Wes Mussio was recently asked to expand on this issue in an article by Kamloops Matters:

All firms that take on ICBC defence work sign strategic alliance agreements – contracts worth up to millions of dollars each year that legally prevent them from alleging bad faith or from suing ICBC for punitive or exemplary damages, even in cases where they represent plaintiffs.

“If you’re a defence lawyer or have a lot of defence files at your firm, you’re not going to be … taking some really aggressive approaches against ICBC when ICBC is being unreasonable. So it does hand-tie you a bit,” said Wes Mussio, managing partner at Mussio Goodman, a Vancouver plaintiff-only personal injury firm.

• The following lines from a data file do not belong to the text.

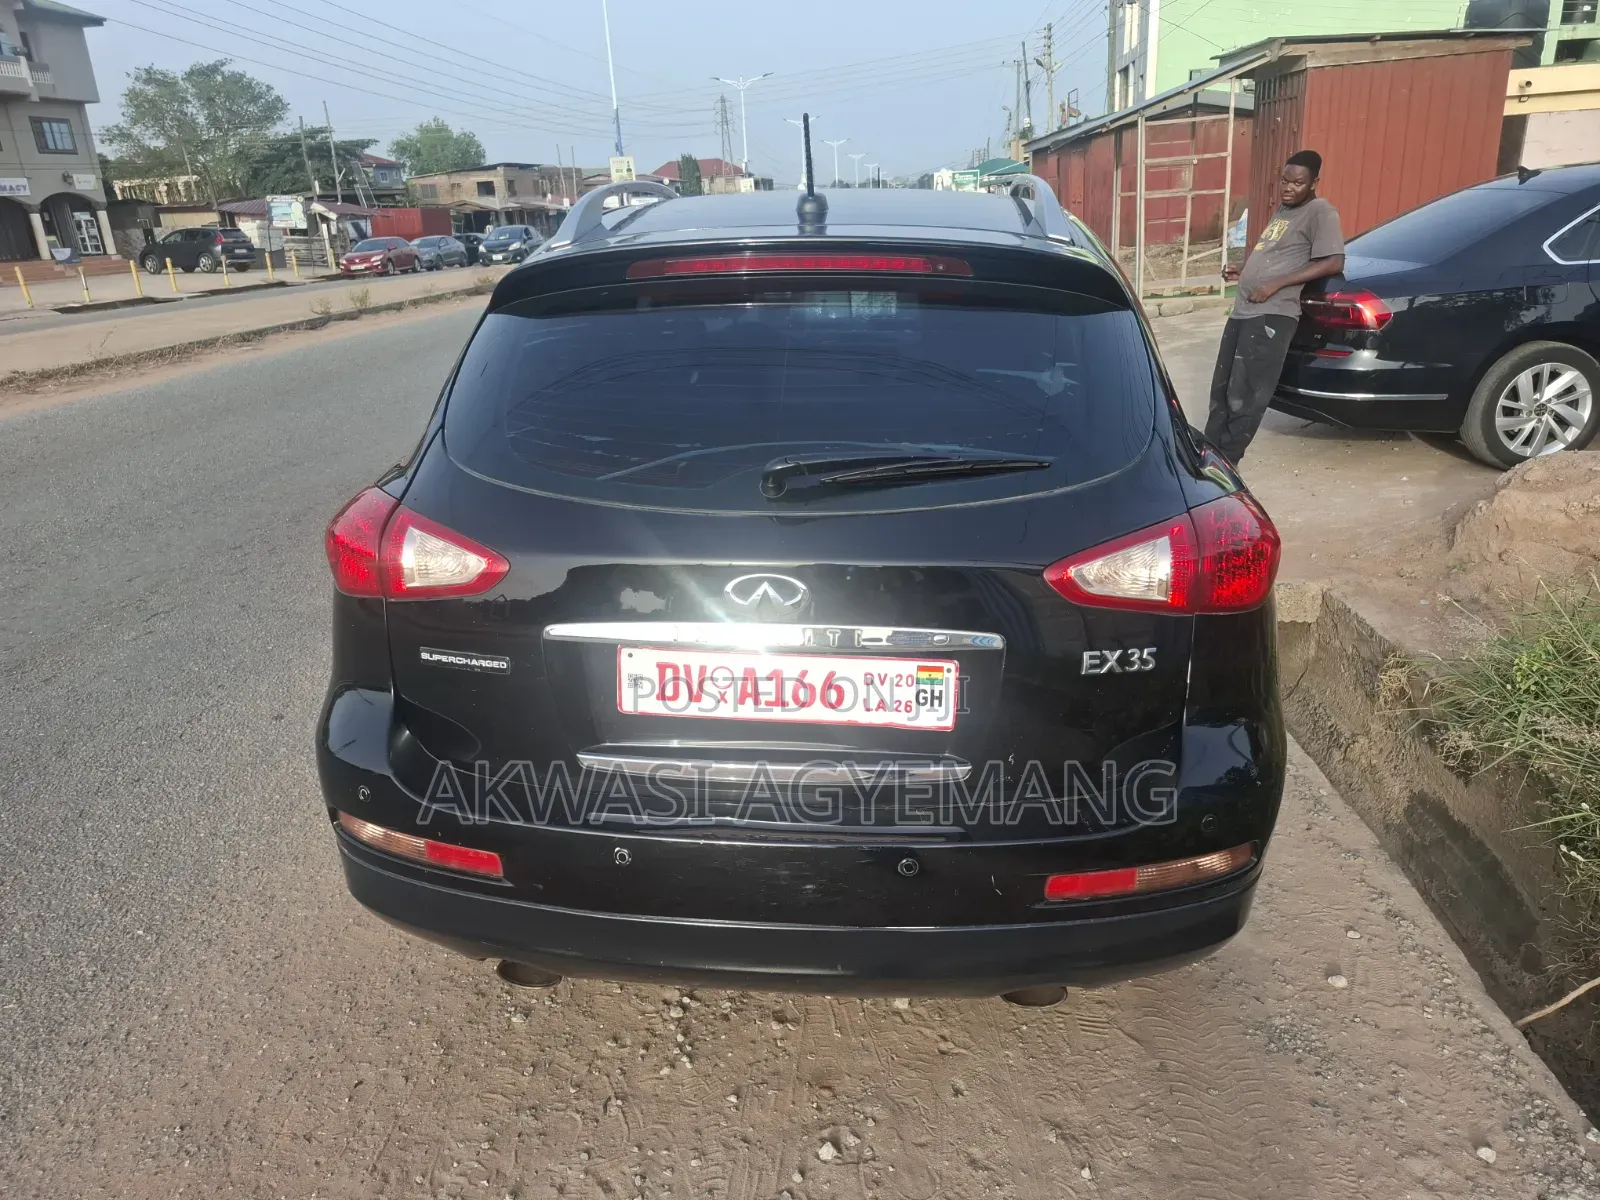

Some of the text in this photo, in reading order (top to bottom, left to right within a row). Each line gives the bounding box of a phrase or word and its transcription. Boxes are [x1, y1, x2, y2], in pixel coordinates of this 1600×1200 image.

[421, 652, 507, 669] SUPERCHARGED
[656, 661, 707, 703] DV
[738, 667, 845, 709] A166
[915, 689, 943, 708] GH
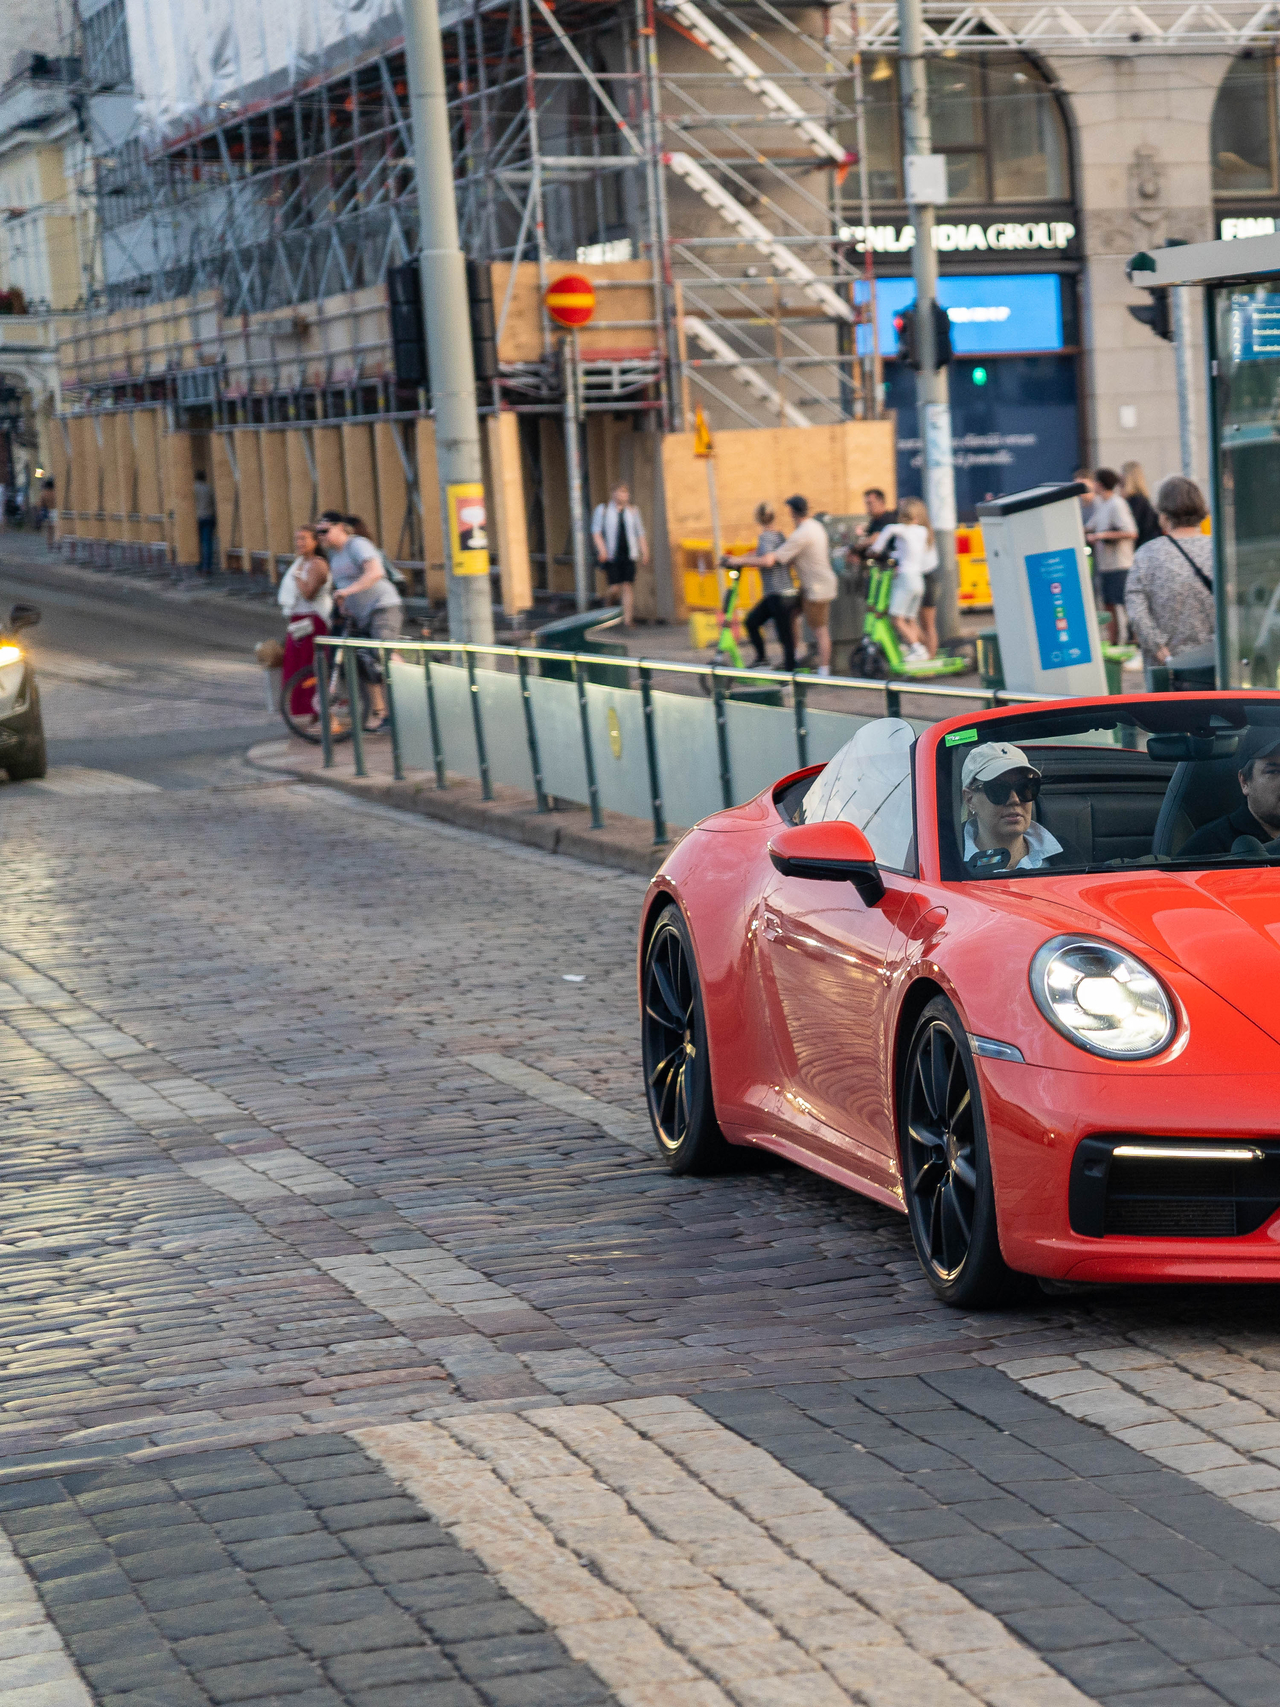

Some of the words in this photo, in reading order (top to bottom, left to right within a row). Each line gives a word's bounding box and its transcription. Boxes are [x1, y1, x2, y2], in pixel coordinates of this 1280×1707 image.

[839, 224, 988, 252] INLADIA
[986, 222, 1076, 249] GROUP
[1233, 311, 1240, 322] 2
[1233, 327, 1240, 338] 2
[1233, 343, 1240, 354] 2

“In all honesty that would be something that has to be disclosed, but I don’t think it is unless somebody asks.”

ICBC has a more than 40-year history of hiring external legal defence firms to assist with litigation. Since 1999, the insurer has held six procurements for legal services and currently has contracts with 72 firms across B.C. that assist with litigation at below-market rates.

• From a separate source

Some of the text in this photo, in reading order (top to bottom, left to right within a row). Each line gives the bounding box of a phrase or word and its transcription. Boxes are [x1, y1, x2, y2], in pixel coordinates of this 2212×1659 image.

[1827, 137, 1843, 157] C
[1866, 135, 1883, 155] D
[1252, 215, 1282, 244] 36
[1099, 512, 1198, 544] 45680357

The practices of some of the firms on the list are limited to ICBC defence work, but most also take on plaintiff-side work, and ICBC has confirmed that all law firms it works with, and every lawyer at those firms, have agreed not to advance claims for punitive, exemplary or bad-faith damages while under contract.

The Law Society of British Columbia (LSBC), the professional regulatory body for lawyers in B.C., has on a couple of occasions addressed whether an ICBC defence firm’s strategic alliance agreement with the insurer creates a conflict of interest in the firm’s plaintiff-side work.In 2006, an LSBC bencher’s bulletin confirmed that lawyers working for ICBC must advise plaintiff clients of their relationship with ICBC, of the restrictions the lawyer is under and of the implications of those restrictions.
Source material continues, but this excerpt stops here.